# TASK TO COMPLETE
An exact copy of every record below is needed, with the pictures left out.

[Stored data entries]
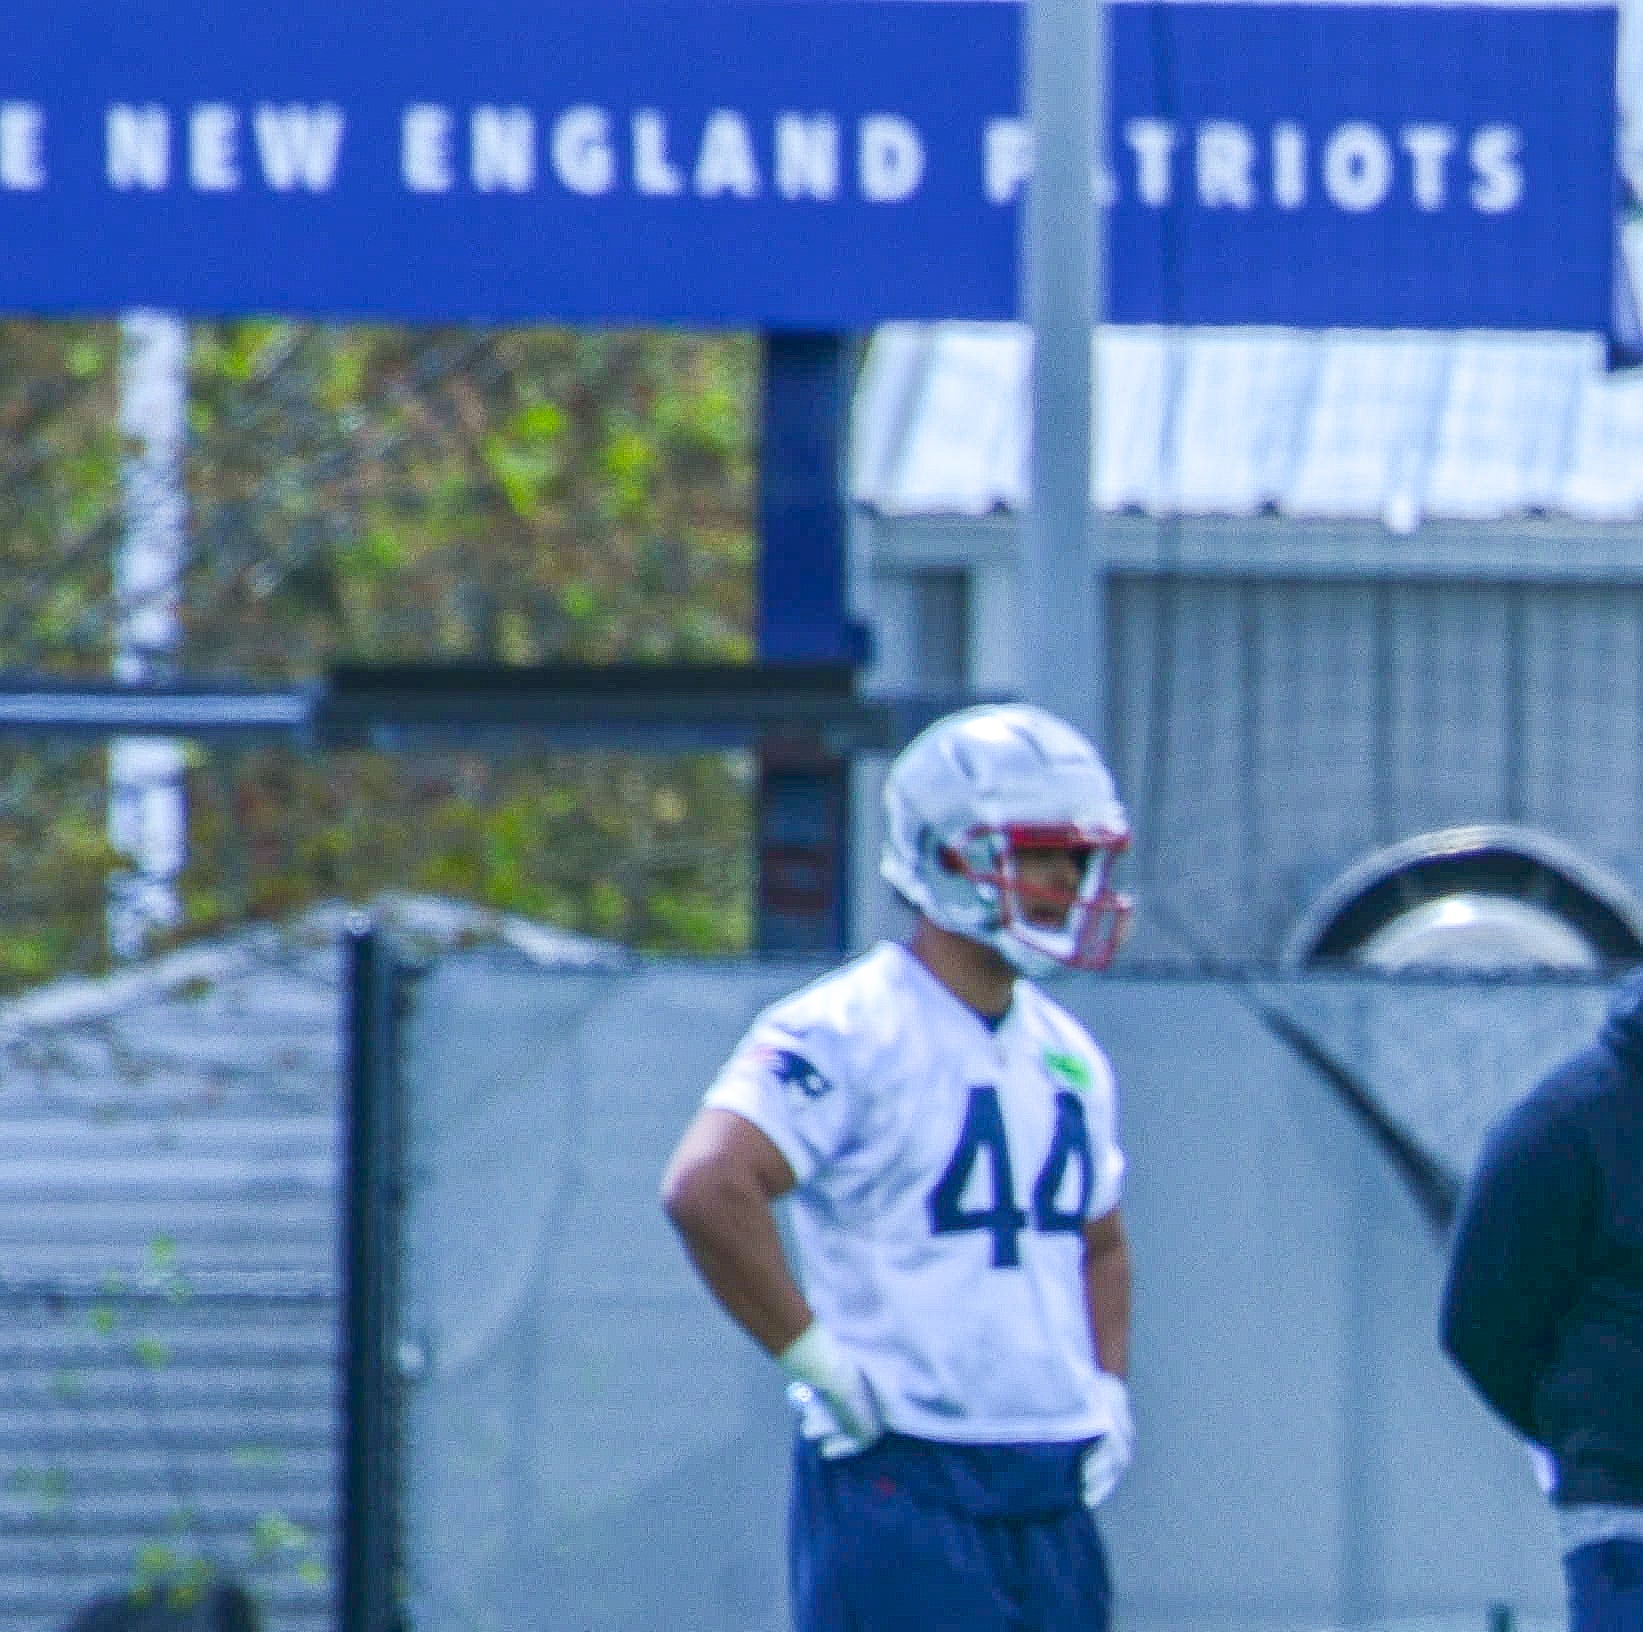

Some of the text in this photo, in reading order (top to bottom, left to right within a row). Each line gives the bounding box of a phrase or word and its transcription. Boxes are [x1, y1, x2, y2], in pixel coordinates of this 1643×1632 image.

[103, 101, 346, 195] NEW
[401, 103, 926, 203] ENGLAND
[984, 116, 1525, 213] PTRIOTS
[927, 1085, 1095, 1272] 44
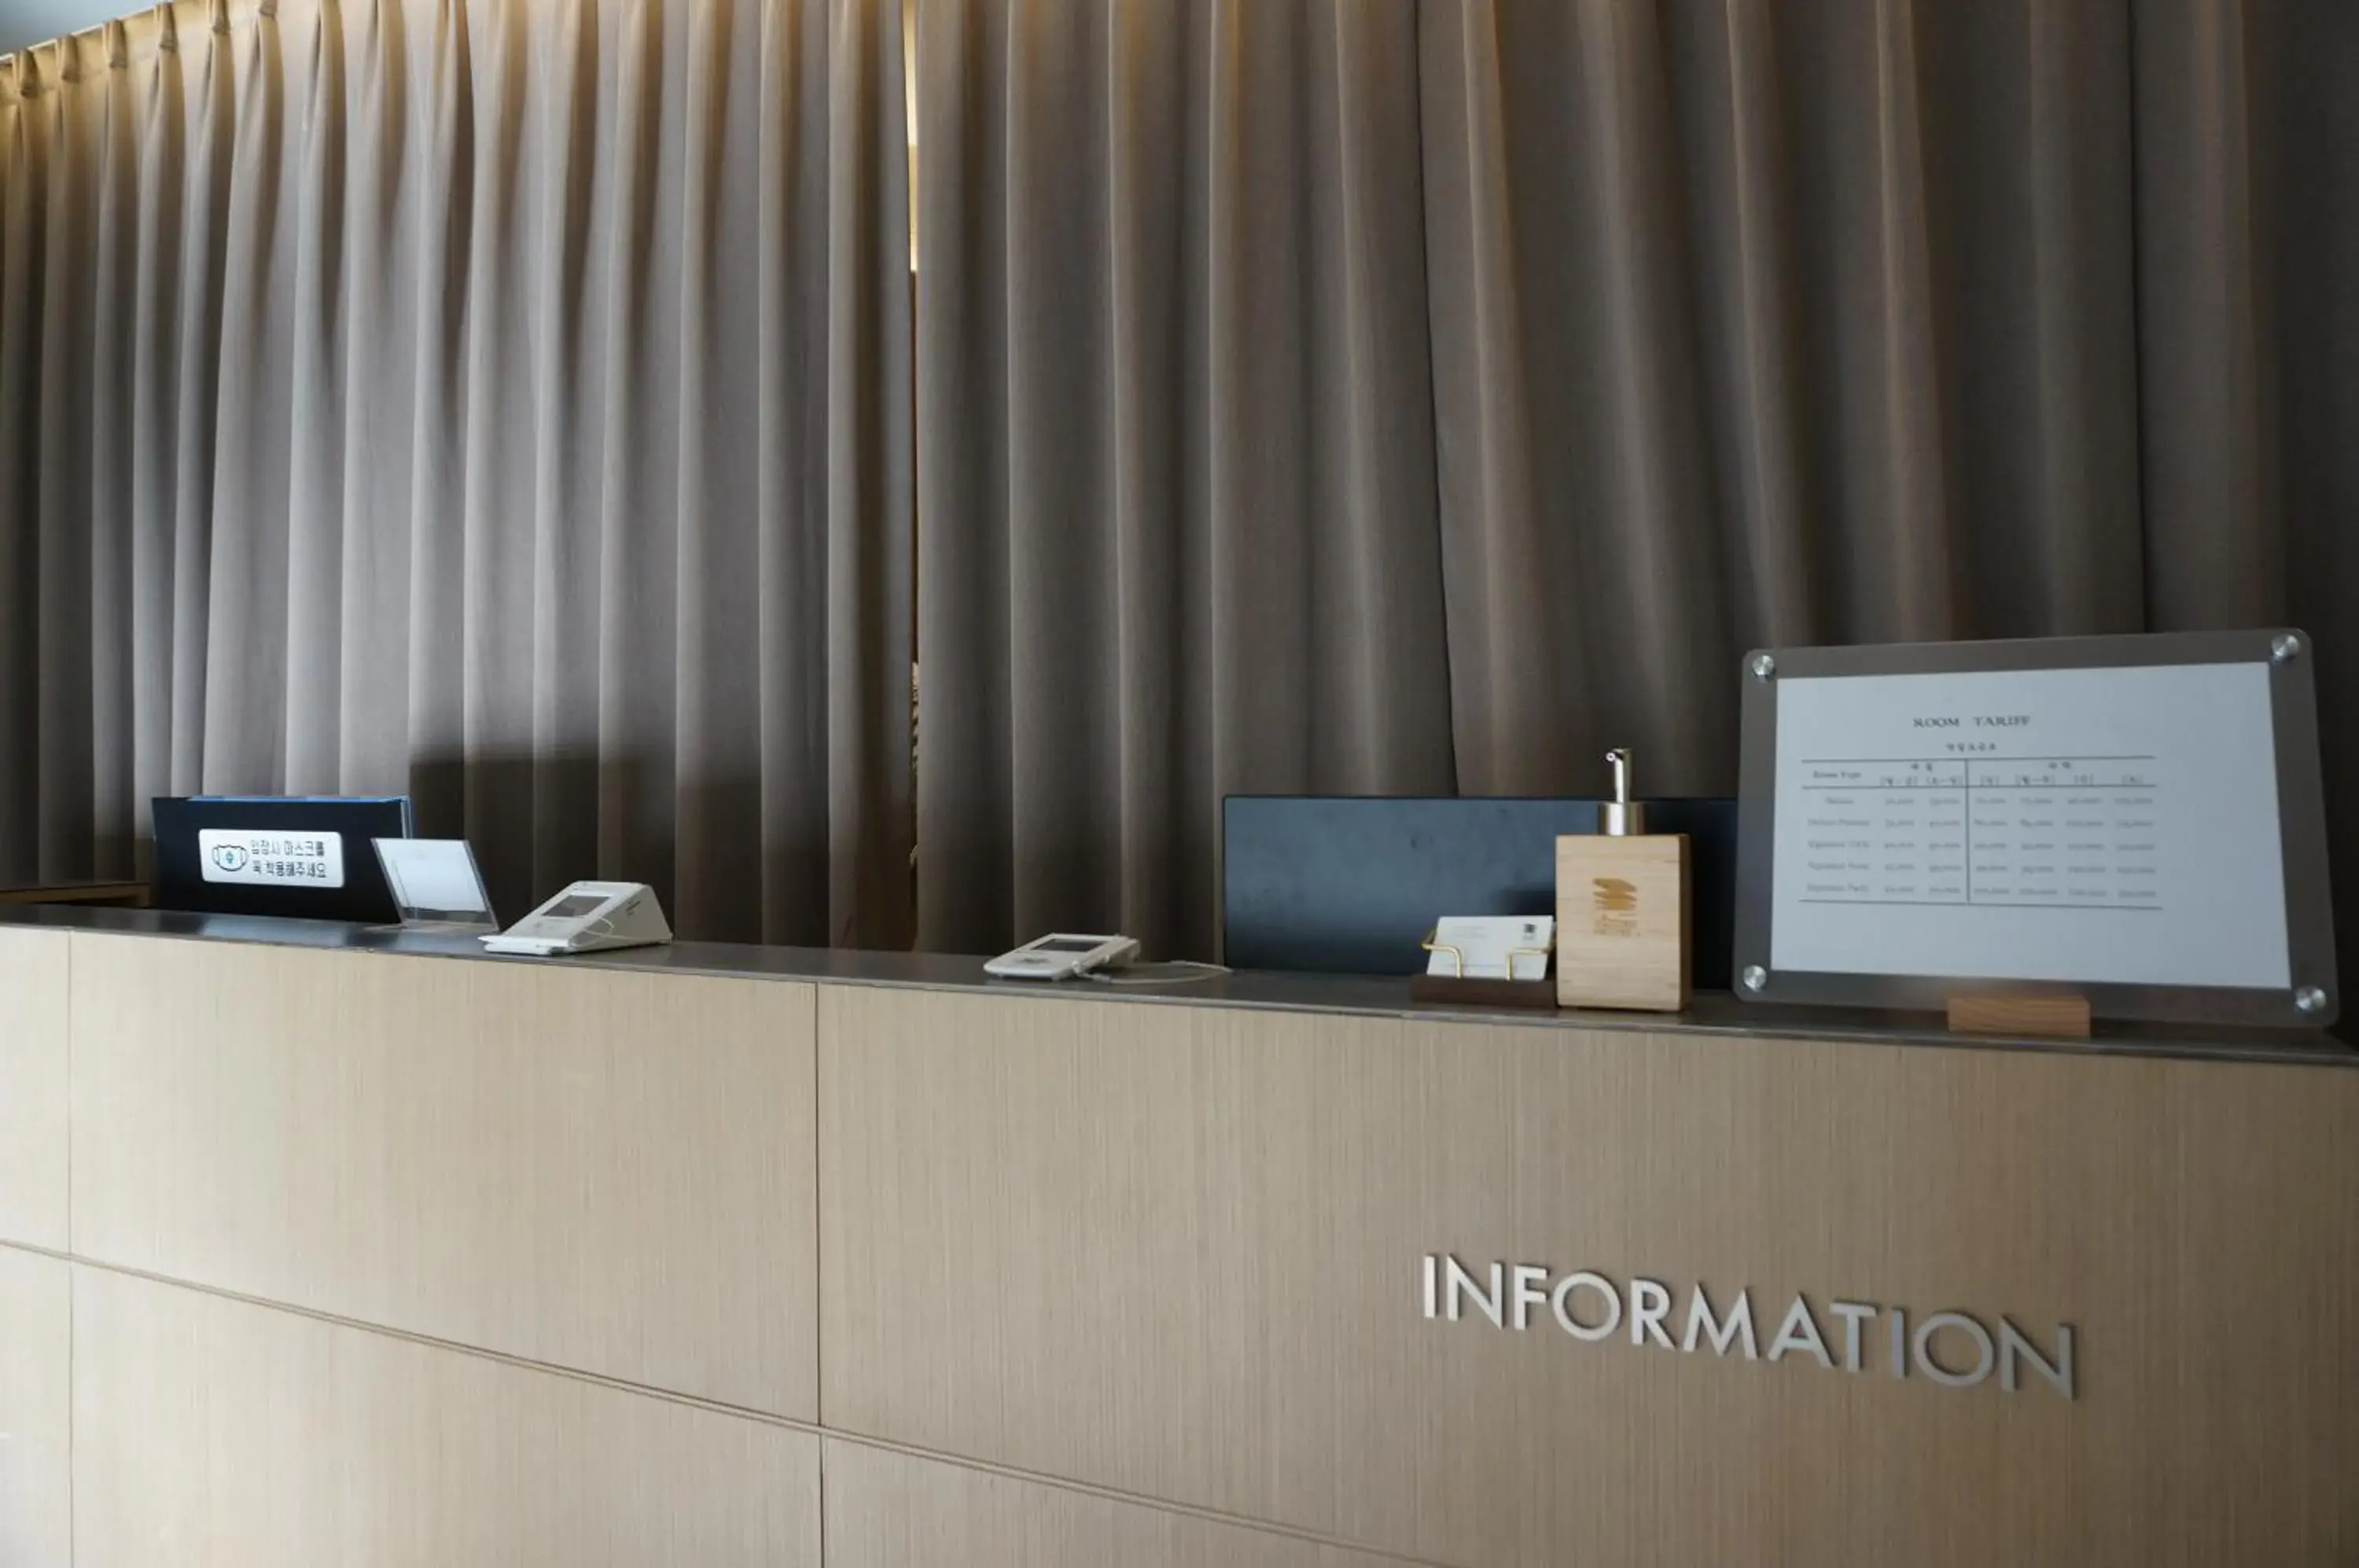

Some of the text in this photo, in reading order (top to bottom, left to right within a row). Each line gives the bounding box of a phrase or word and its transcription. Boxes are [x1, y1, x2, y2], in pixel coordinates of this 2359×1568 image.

# EXERCISE RESPONSE
Some of the text in this photo, in reading order (top to bottom, left to right within a row). Each line gives the bounding box of a phrase or word and its transcription. Boxes are [x1, y1, x2, y2], in pixel coordinates of this 1643×1632 image.

[103, 101, 346, 195] NEW
[401, 103, 926, 203] ENGLAND
[984, 116, 1525, 213] PTRIOTS
[927, 1085, 1095, 1272] 44

Some of the text in this photo, in reading order (top to bottom, left to right within a row). Each line gives the bounding box of a phrase or word and its transcription. Boxes are [x1, y1, x2, y2], in pixel coordinates of this 2359×1568 image.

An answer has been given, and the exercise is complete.